To the right of the point forecast, the anomaly and the normal, more numerical information about the forecast is shown. The percentile (%ile) shows the percentage of cases in the fitted climatological distribution that would be expected to be lower than or equal to the point forecast. For example, if the %ile is 60.0, the point forecast ranks at or above 60.0 percent of the climatological distribution, and less than 40.0 percent of it. In other words, it is a forecast for somewhat, but not highly, above normal conditions. Because of the fairly large degree of uncertainty in the outcome of our forecasts, it is not common for our point forecasts to rank in the top or bottom 20 percent of the climatological distribution. Beneath the %ile of the forecast, the number of standard deviations (#SDs) away from the climatological normal is given for the temperature forecasts. This is a technical measure that is intended for scientific users, and gives exactly the same information as the %ile of the forecast. That is, for the temperature forecasts every %ile has a corresponding number of SDs away from the mean. (For precipitation this correspondence is not obeyed because of the skewness of the precipitation distribution, so the #SDs is not shown.) The #SDs is given for those who are more used to working with SDs than with %iles. Underneath the number of SDs is the standard deviation (SD) of the climatological distribution for temperature. This is a measure of the variability of the temperature from year to year. Specifically, it gives the amount below and above the normal that forms an interval such that about 68 percent of the cases fall within that interval, assuming a Gaussian distribution. If twice the SD amount is used to form the interval, about 95 percent of the cases would be included. Locations and seasons that have small variations in climate (such as Florida in summer) have a low SD, while places with more year-to-year (or decade-to-decade) variation, such as Montana in winter, have a high SD. Together with the normal (center) number, the SD gives the user an approximate idea of the type of climate normally observed in the given season and loaction. [Technical note: The #SDs number equals the anomaly forecast divided by the SD.]

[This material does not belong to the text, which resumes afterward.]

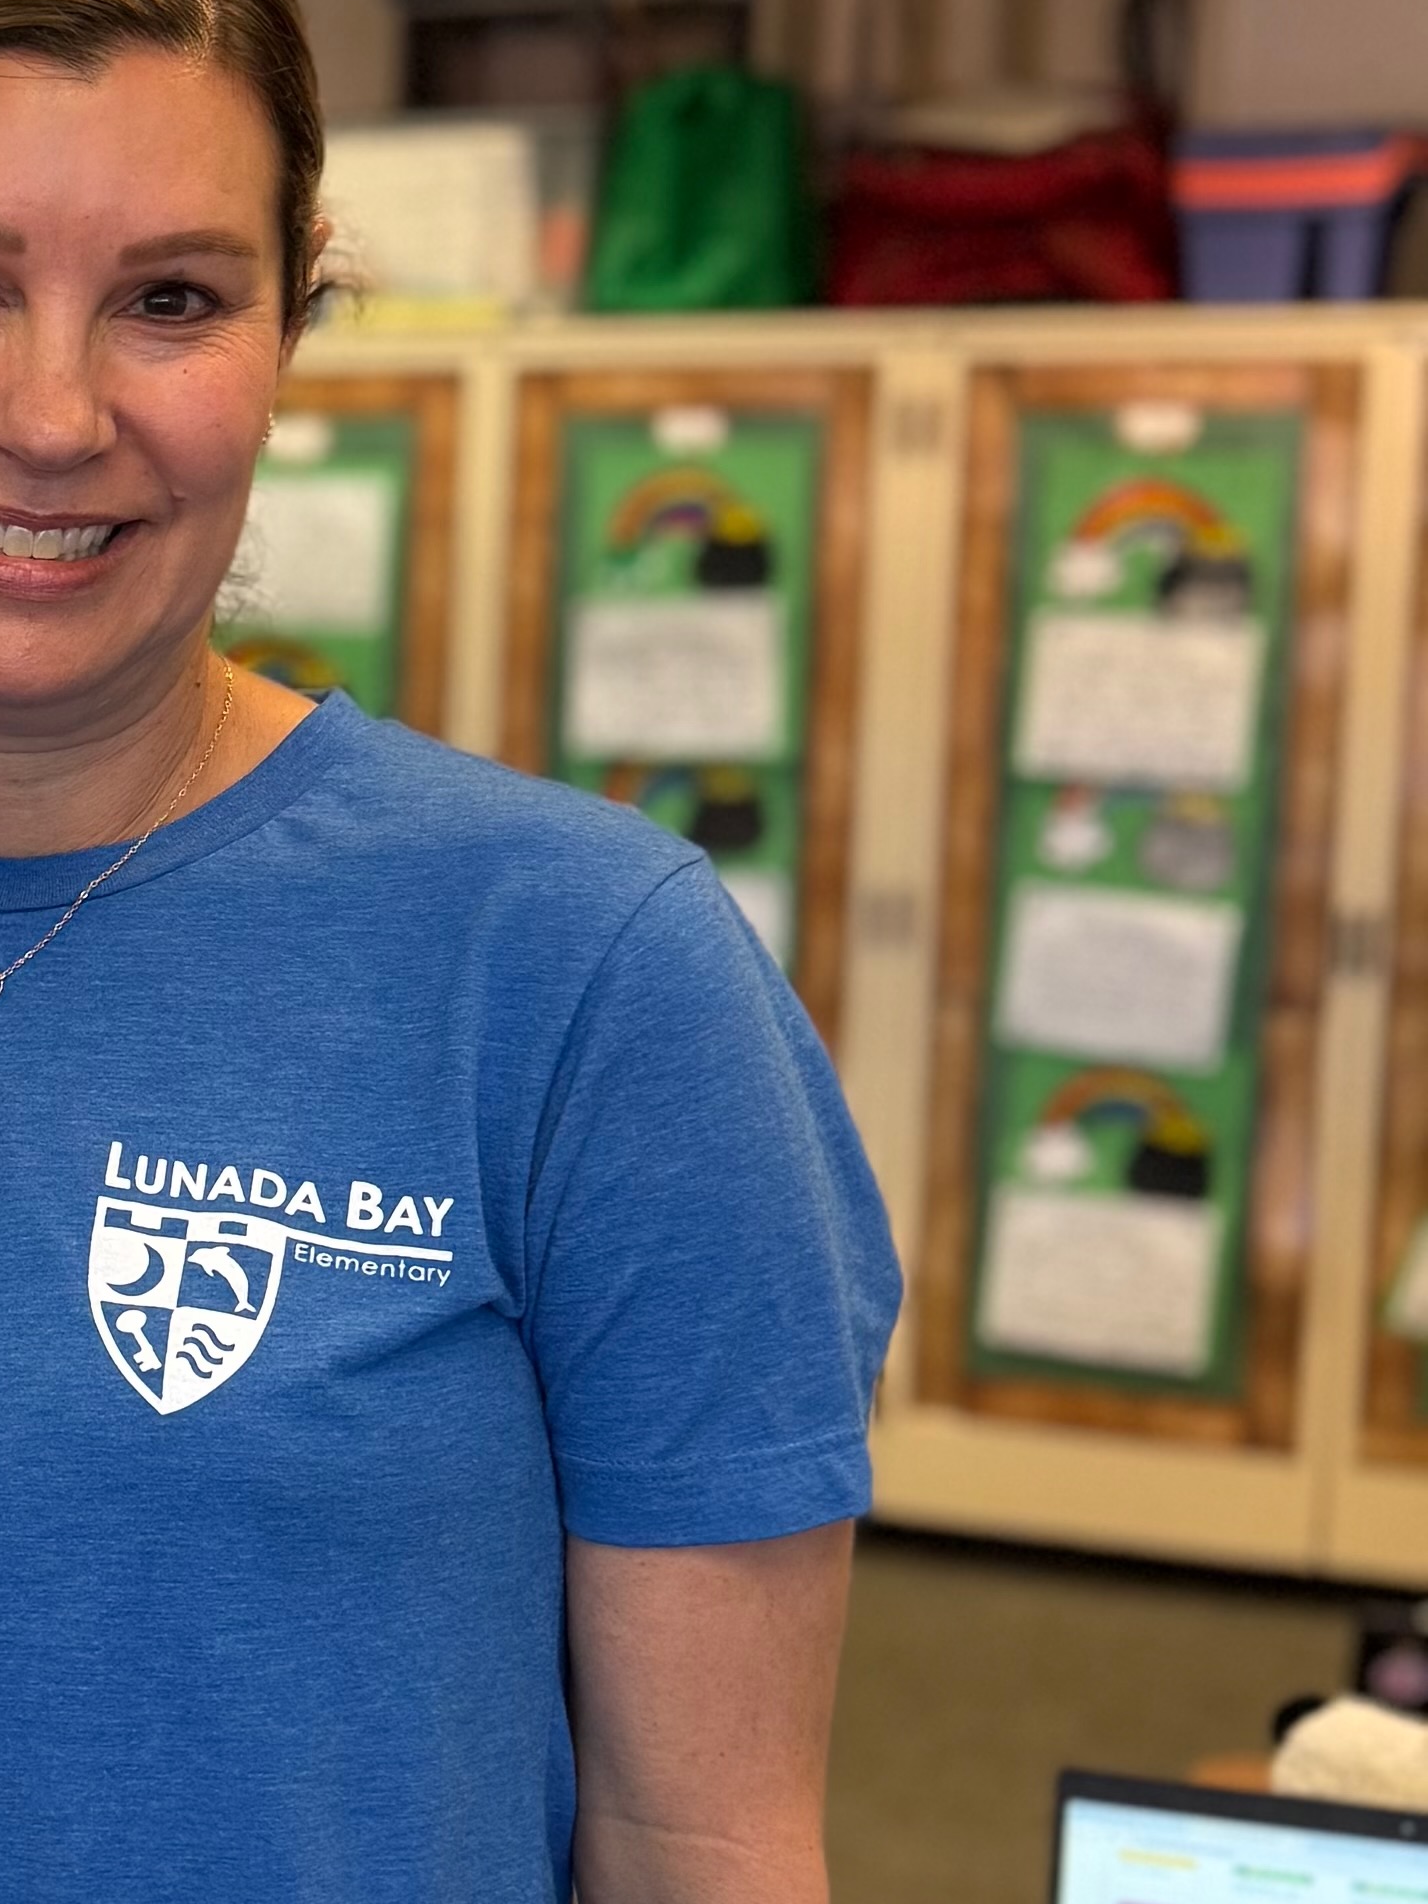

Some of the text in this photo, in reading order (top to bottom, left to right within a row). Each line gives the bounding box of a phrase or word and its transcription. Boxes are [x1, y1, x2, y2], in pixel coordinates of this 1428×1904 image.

[104, 1141, 454, 1237] LUNADA BAY
[293, 1242, 451, 1287] Elementary

On the upper right side of the graph, confidence intervals are given for the forecast. The 50% confidence interval gives two temperature (or precipitation) amounts. The lower amount corresponds to the 25%ile (75% probability of exceedance) of the forecast distribution, and the upper amount is the amount that corresponds to the 75%ile (25% probability of exceedance) of the forecast distribution. The amounts that fall between these two limits form an interval that CPC believes has a 50 percent chance of occurring. The 90% confidence interval covers a wider range of amounts, ranging from the 5%ile (95% probability of exceedance) to the 95%ile (5% probability of exceedance) of the forecast. The ranges of amounts covered by the 50% and 90% confidence intervals give an idea of the expected error associated with the point forecast. For temperature, the confidence intervals are formed by moving an equal distance on either side of the point forecast. For precipitation, where the distribution is usually asymmetric (skewed), the distance upward to the top of the confidence interval is usually greater than the distance downward to the lower boundary of the confidence interval. In either case, the regions outside of the confidence interval limits may be considered to use up the remaining probability equally. The ranges covered by the 50% and 90% confidence intervals are usually fairly wide, in keeping with the uncertainty associated with the point forecast. Note that there is some uncertainty for the confidence intervals themselves, just as there is uncertainty for the probability of exceedance curves themselves (as indicated by the "error envelope"). The limits of the 90% interval reach into the tails of the forecast distribution, and should therefore be considered in an approximate manner.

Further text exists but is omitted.